Requests for Adminship Process



Reflect - (Stats)




The Review Process
Methodology - Discussion

Requests for Adminship

Welcome to the Question phase of RfA Review. We hope you'll take the time to respond to your questions in order to give us further understanding of what you think of the RfA process. Remember, there are no right or wrong answers here. Also, feel free to answer as many questions as you like. Don't feel you have to tackle everything if you don't want to.

In a departure from the normal support and oppose responses, this review will focus on your thoughts, opinions and concerns. Where possible, you are encouraged to provide examples, references, diffs and so on in order to support your viewpoint. Please note that at this point we are not asking you to recommend possible remedies or solutions for any problems you describe, as that will come later in the review.

If you prefer, you can submit your responses anonymously by emailing them to gazimoff (at) Anonymous responses will be posted as subpages and linked to from the responses section, but will have the contributor's details removed. If you have any questions, please use the talk page.

Once you've provided your responses, please encourage other editors to take part in the review. More responses will improve the quality of research, as well as increasing the likelihood of producing meaningful results.

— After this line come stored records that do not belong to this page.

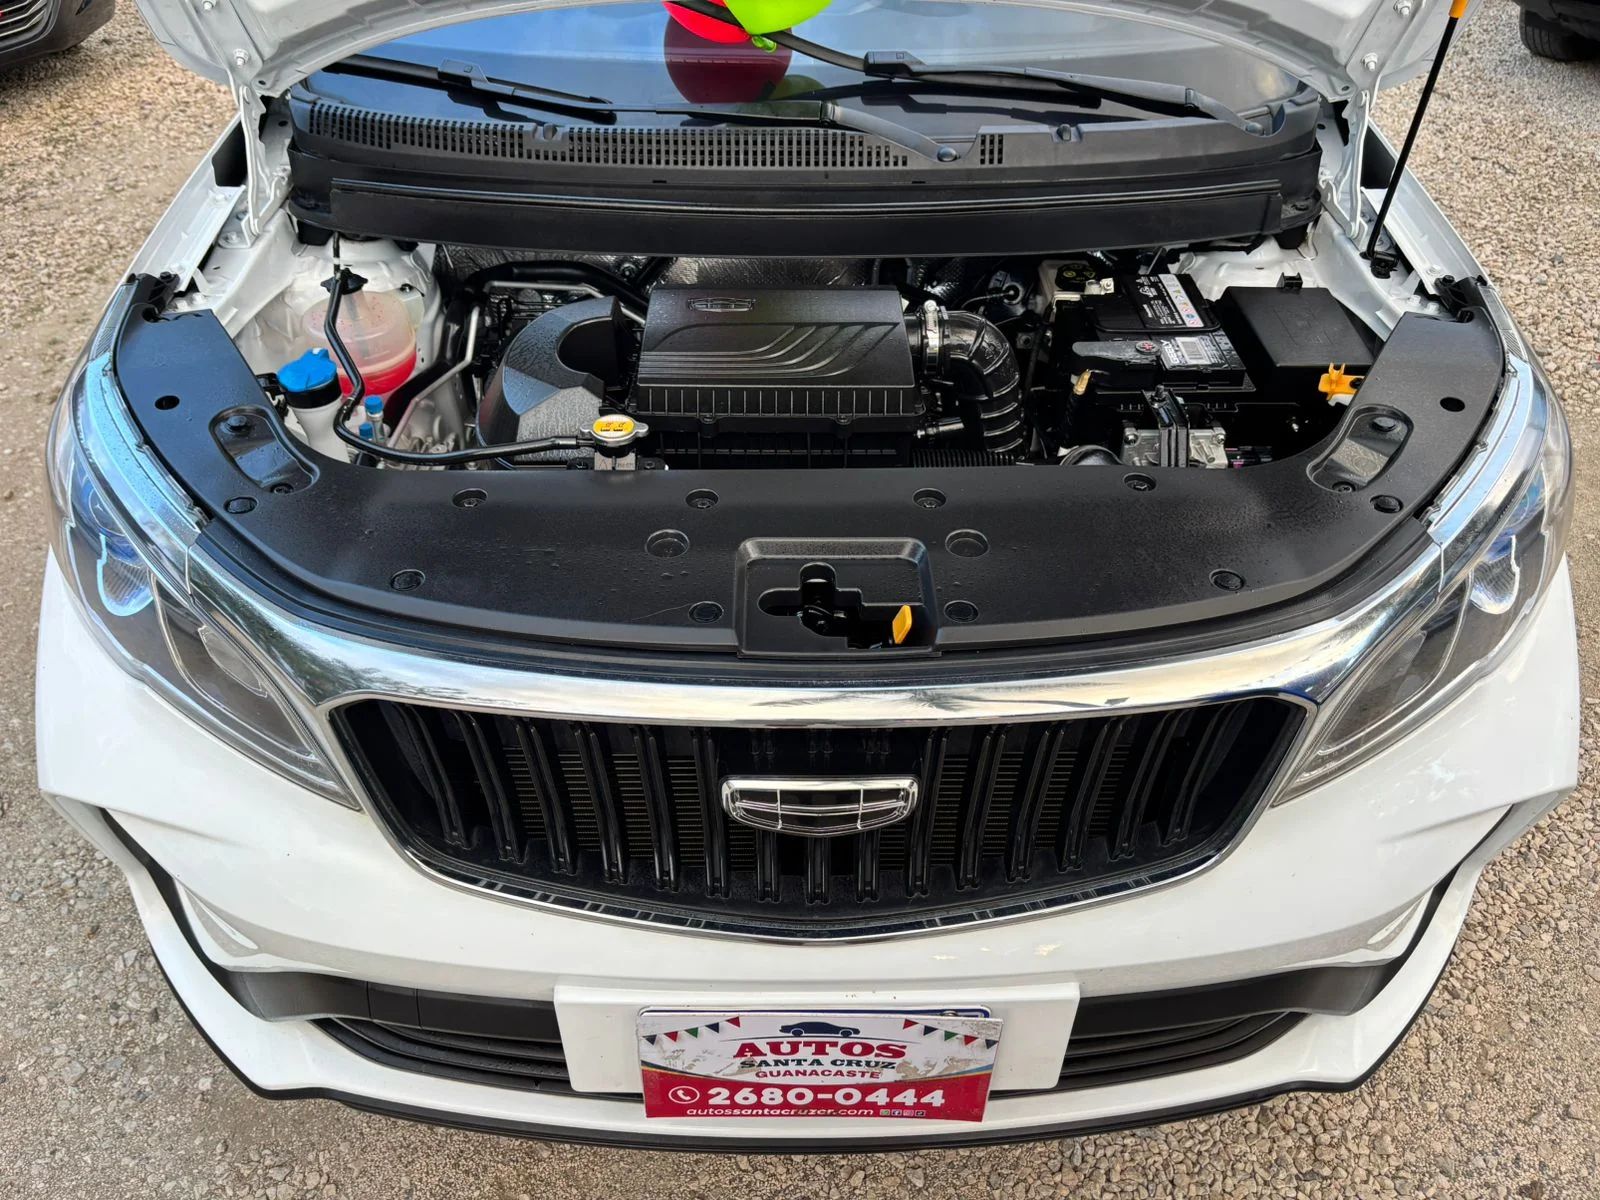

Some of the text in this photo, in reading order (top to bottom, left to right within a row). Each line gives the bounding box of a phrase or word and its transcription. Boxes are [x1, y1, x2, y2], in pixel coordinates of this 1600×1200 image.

[1160, 339, 1180, 364] GEELY
[733, 1041, 906, 1058] AUTOS
[740, 1059, 897, 1069] SANTA CRUZ
[755, 1070, 880, 1080] GUANACASTE
[707, 1087, 945, 1107] 2680-0444
[686, 1108, 874, 1116] autossantacruzcr.com
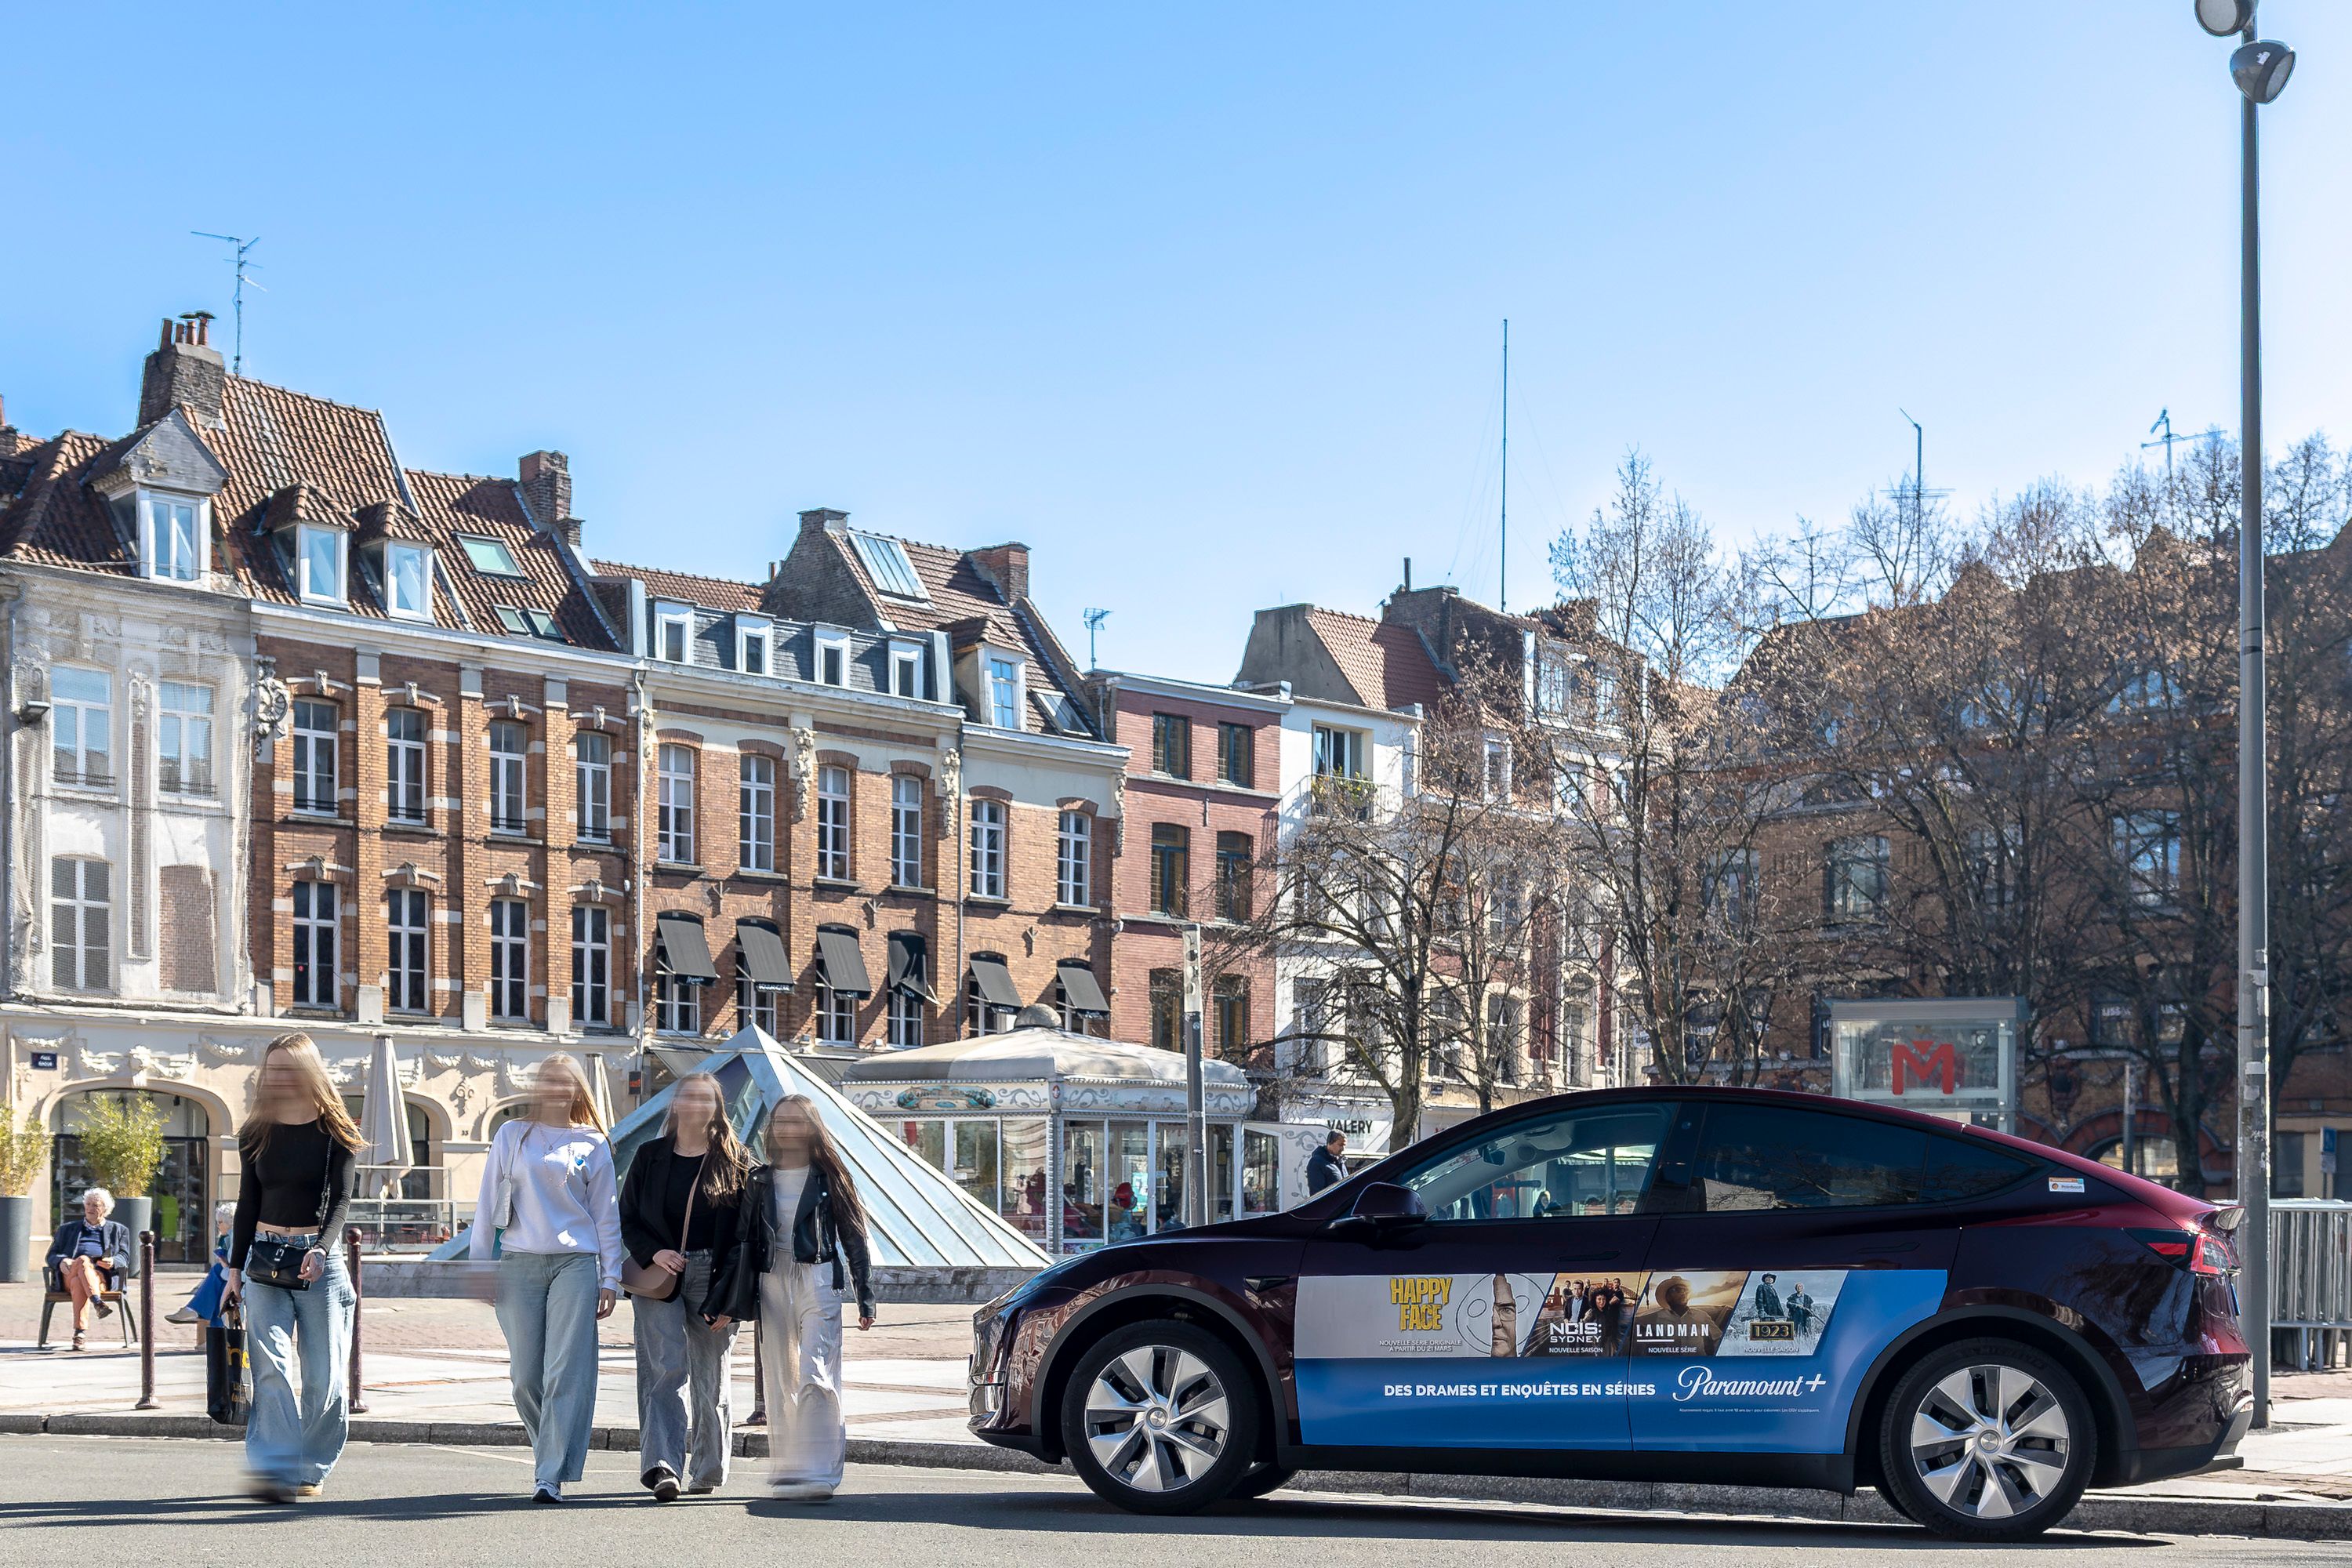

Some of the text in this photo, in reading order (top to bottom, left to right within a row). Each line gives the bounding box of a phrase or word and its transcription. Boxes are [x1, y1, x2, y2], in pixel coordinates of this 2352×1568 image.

[1327, 1120, 1373, 1134] VALERY
[1390, 1277, 1453, 1305] HAPPY
[1399, 1303, 1443, 1331] FACE
[1549, 1322, 1602, 1335] NCIS:
[1636, 1323, 1709, 1338] LANDMAN
[1755, 1325, 1789, 1338] 1923
[1385, 1381, 1656, 1399] DES DRAMES ET ENQUÊTES EN SÉRIES
[1671, 1365, 1827, 1402] Paramount+

Once again, thank you for taking part!


When thinking about the adminship process, what are your thoughts and opinions about the following areas:

  1. Candidate selection (inviting someone to stand as a candidate)
    If a user thinks that another editor is trustworthy and able enough to use the tools, go ahead and nom them—be bold, and all that. Unfortunately it can sometimes be a bit more difficult than that, as it seems a candidate who has less than 6 months editing/was blocked less than 6 months ago/has less than 3,246 edits is spat at.
  2. Administrator coaching (either formally or informally)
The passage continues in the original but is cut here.